Phrase grounding data
+ + +
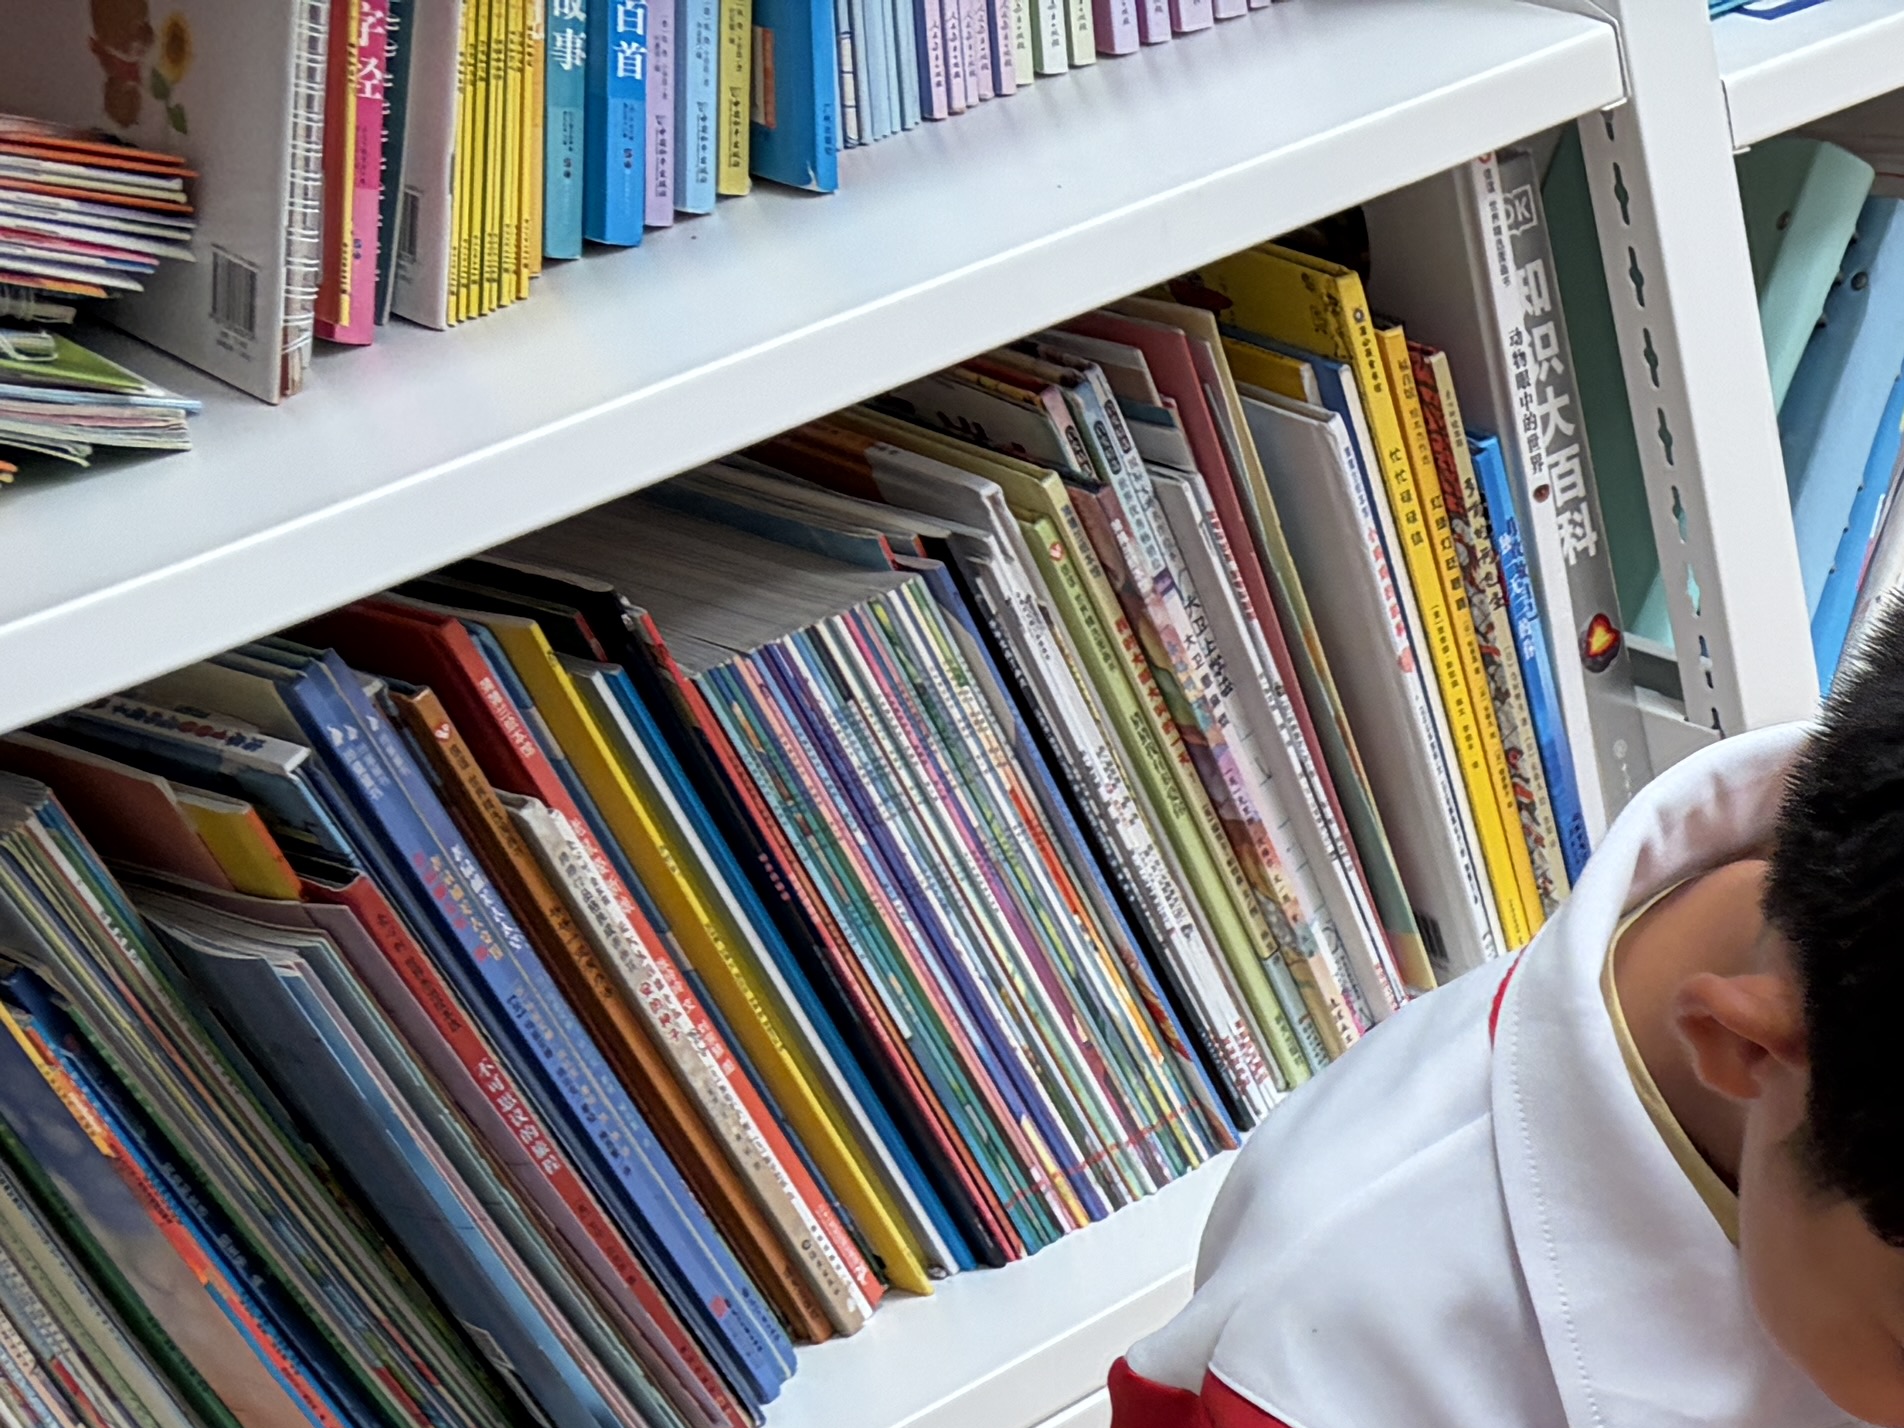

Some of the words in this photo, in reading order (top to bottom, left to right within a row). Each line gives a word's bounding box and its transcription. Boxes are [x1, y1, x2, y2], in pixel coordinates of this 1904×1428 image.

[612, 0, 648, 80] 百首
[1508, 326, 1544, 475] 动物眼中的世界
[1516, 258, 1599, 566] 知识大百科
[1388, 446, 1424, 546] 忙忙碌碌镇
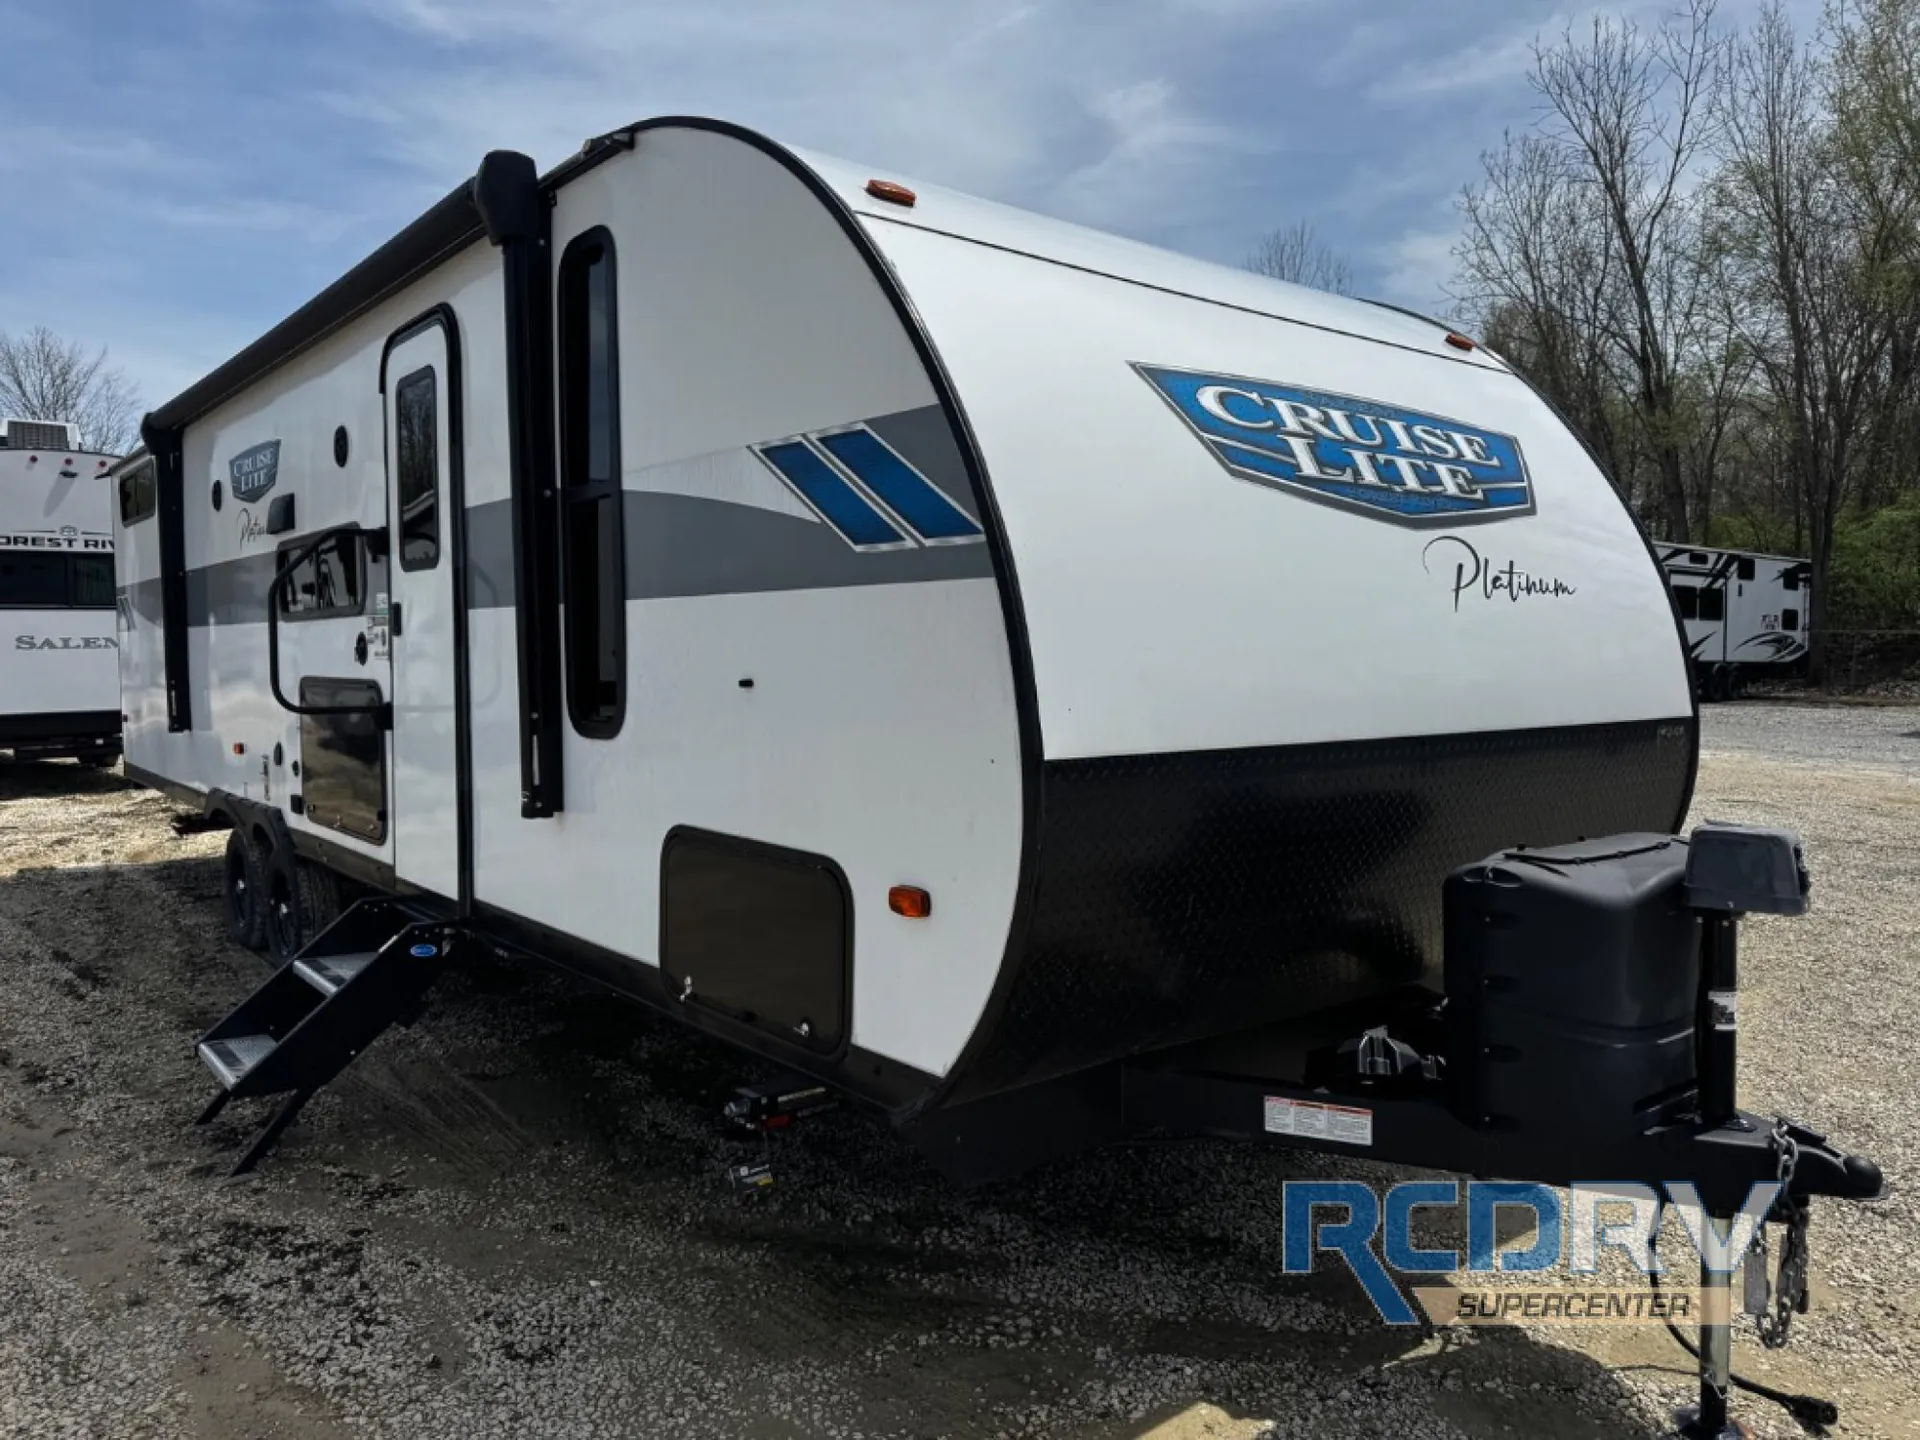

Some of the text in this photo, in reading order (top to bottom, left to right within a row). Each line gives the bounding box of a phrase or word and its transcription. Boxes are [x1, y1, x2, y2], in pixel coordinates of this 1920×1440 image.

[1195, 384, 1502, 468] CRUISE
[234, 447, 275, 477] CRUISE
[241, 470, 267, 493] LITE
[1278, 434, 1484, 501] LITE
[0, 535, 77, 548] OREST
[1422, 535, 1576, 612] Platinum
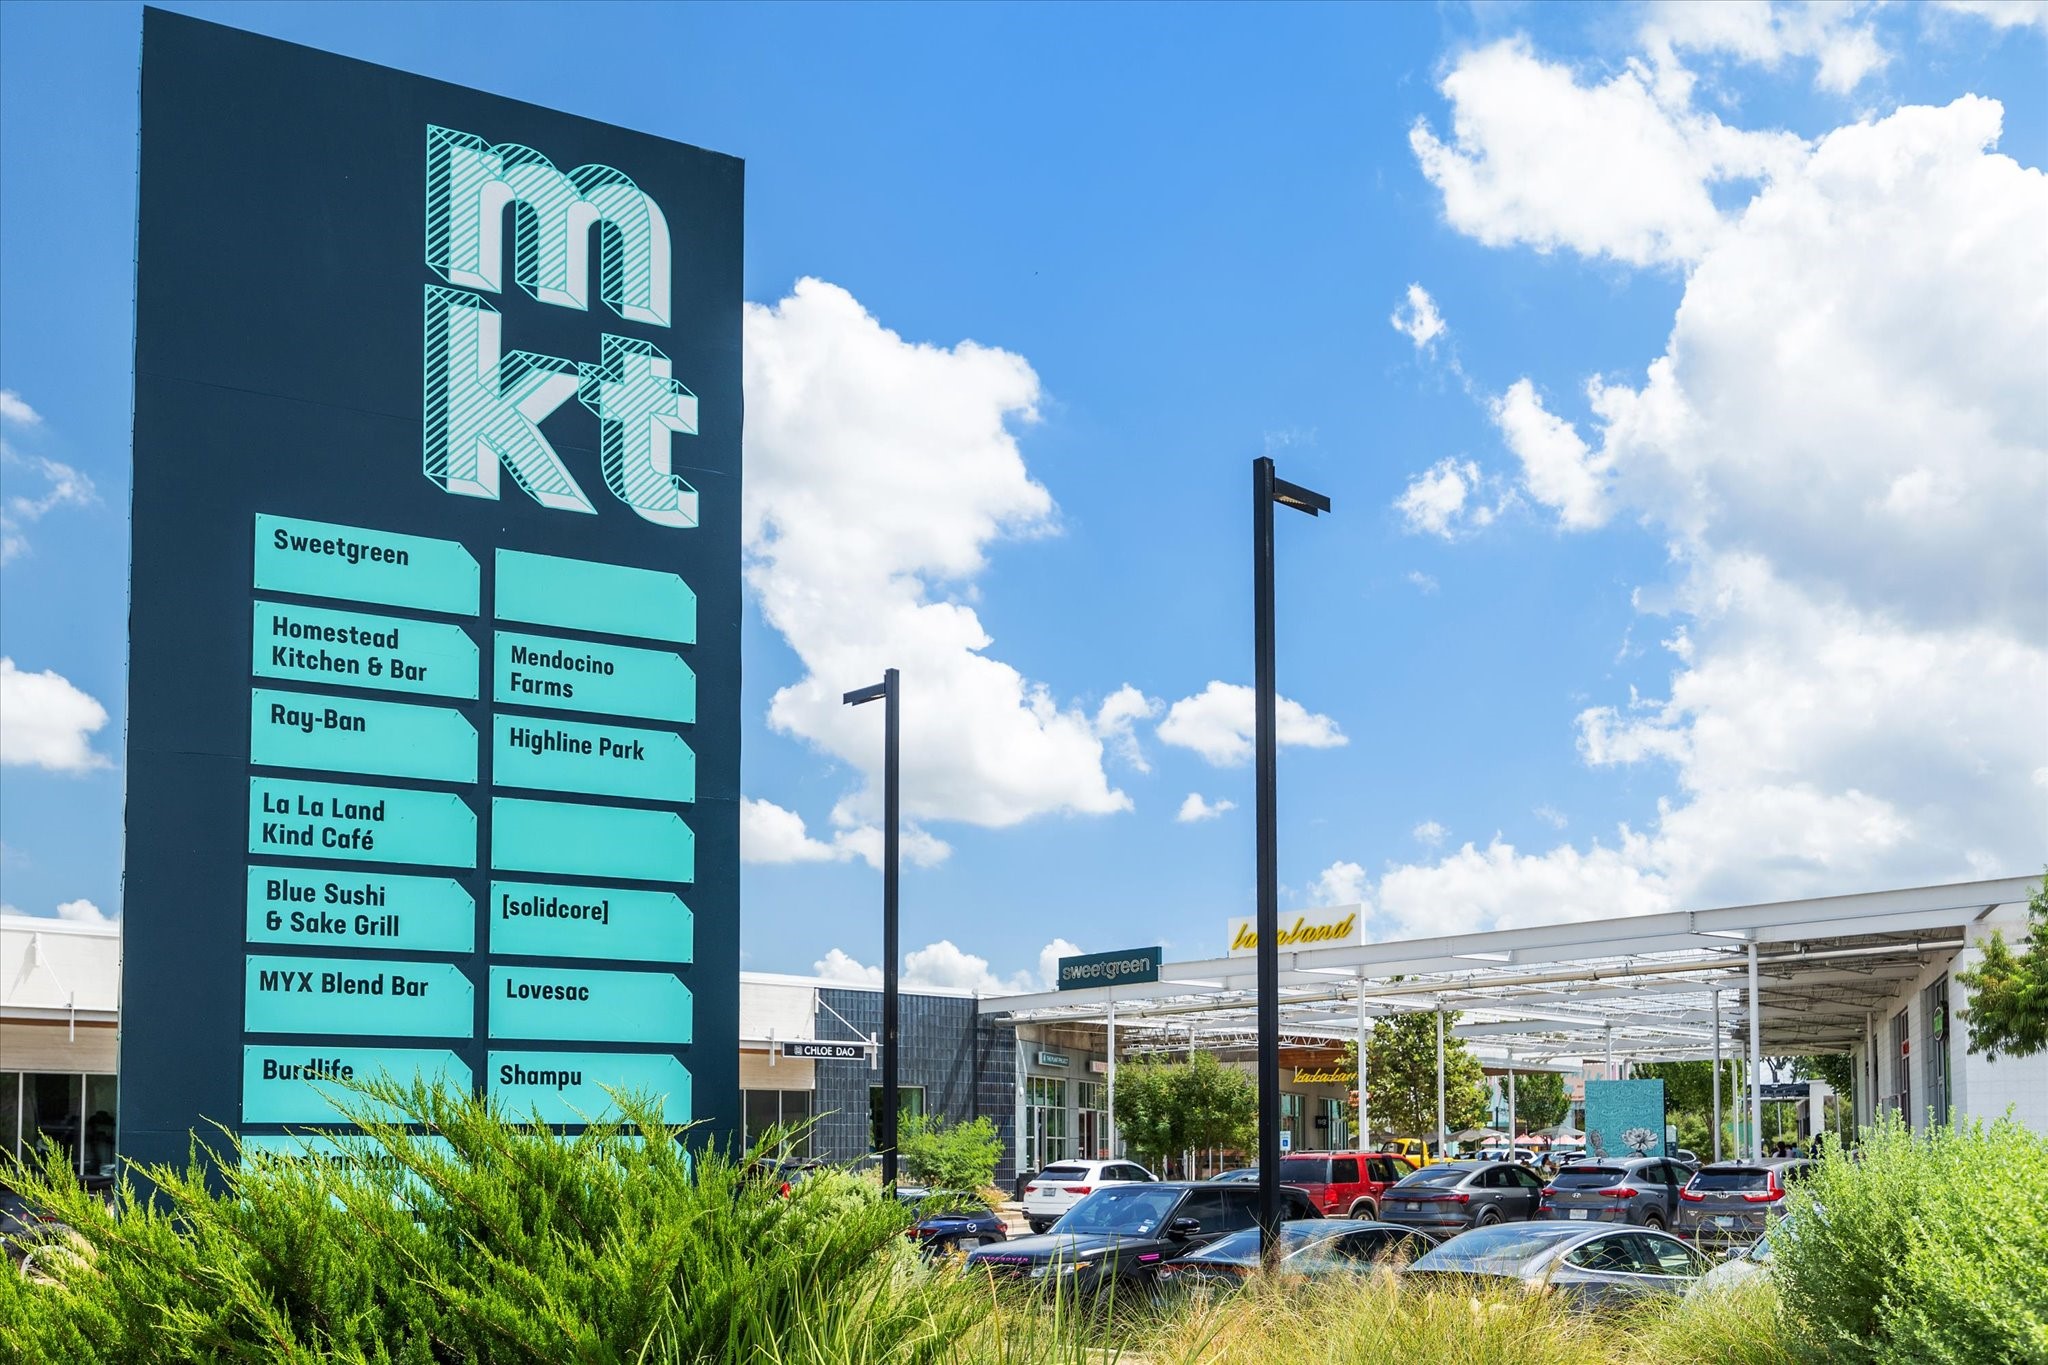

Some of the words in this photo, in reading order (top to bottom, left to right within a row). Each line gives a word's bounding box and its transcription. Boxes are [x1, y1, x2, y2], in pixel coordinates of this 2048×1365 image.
+ + +
= HOW TO COMPLETE THIS TASK =
Render the data above verbatim and without pictures.

= RESPONSE TO THIS EXERCISE =
Some of the words in this photo, in reading order (top to bottom, left to right within a row). Each line gives a word's bounding box and its transcription. Boxes are [x1, y1, x2, y2], in pixel coordinates of this 1904×1428 image.

[612, 0, 648, 80] 百首
[1508, 326, 1544, 475] 动物眼中的世界
[1516, 258, 1599, 566] 知识大百科
[1388, 446, 1424, 546] 忙忙碌碌镇

Some of the text in this photo, in reading order (top to bottom, left to right within a row). Each line gives the bounding box of a phrase or word and its transcription. Boxes are [x1, y1, x2, y2], in pixel coordinates of this 1920×1440 image.

[1195, 384, 1502, 468] CRUISE
[234, 447, 275, 477] CRUISE
[241, 470, 267, 493] LITE
[1278, 434, 1484, 501] LITE
[0, 535, 77, 548] OREST
[1422, 535, 1576, 612] Platinum

Some of the words in this photo, in reading order (top to bottom, left to right within a row). Each line gives a word's bounding box and its transcription. Boxes are [x1, y1, x2, y2], in pixel coordinates of this 2048×1365 image.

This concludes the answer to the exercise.